▸ Assignment:
Print each line below verbatim, skipping every picture.
─── Given data
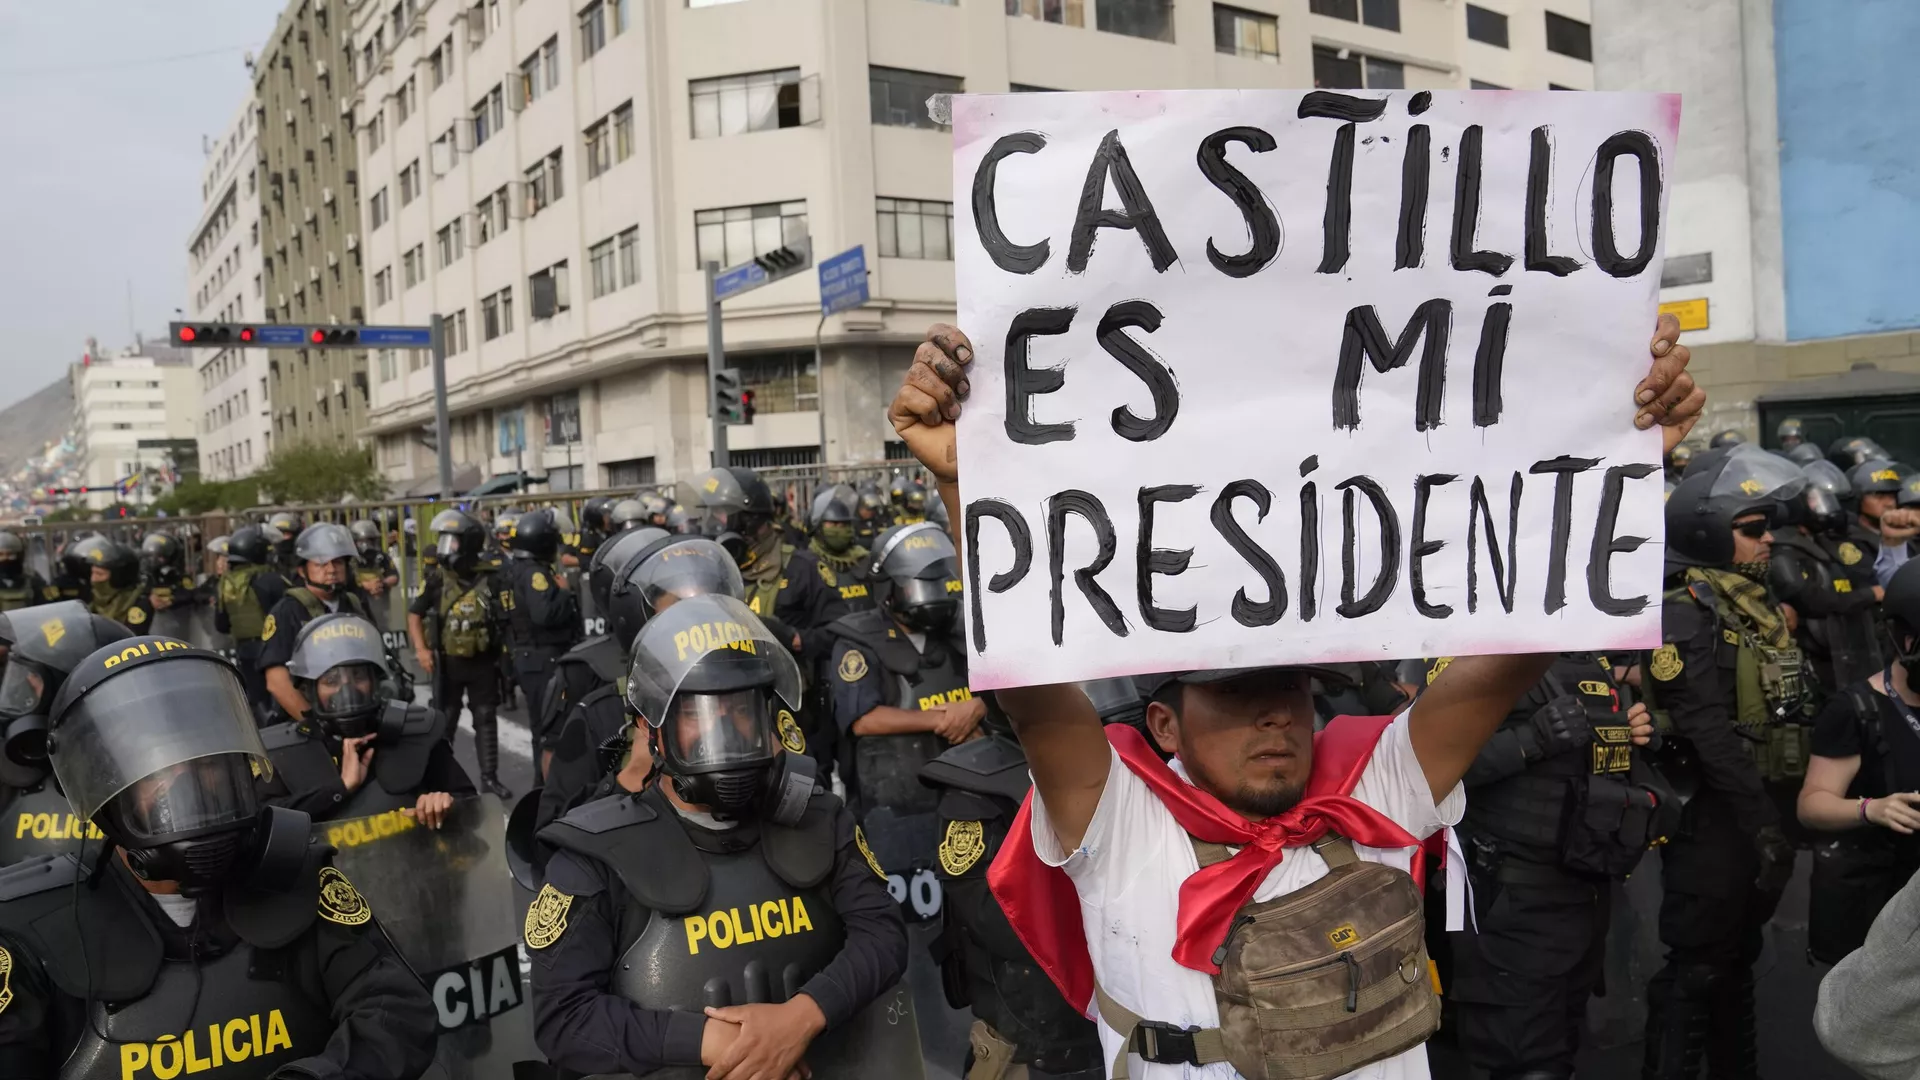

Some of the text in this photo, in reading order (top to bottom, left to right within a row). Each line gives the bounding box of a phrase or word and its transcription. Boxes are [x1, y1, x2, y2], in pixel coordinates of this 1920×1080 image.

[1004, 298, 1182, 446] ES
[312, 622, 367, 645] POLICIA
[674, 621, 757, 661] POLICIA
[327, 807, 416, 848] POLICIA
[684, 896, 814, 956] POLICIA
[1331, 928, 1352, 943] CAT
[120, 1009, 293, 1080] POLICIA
──────
▸ Worked solution:
Some of the text in this photo, in reading order (top to bottom, left to right within a row). Each line gives the bounding box of a phrase or word and its transcription. Boxes are [x1, y1, x2, y2], in pixel coordinates of this 1920×1080 image.

[1004, 298, 1182, 446] ES
[312, 622, 367, 645] POLICIA
[674, 621, 757, 661] POLICIA
[327, 807, 416, 848] POLICIA
[684, 896, 814, 956] POLICIA
[1331, 928, 1352, 943] CAT
[120, 1009, 293, 1080] POLICIA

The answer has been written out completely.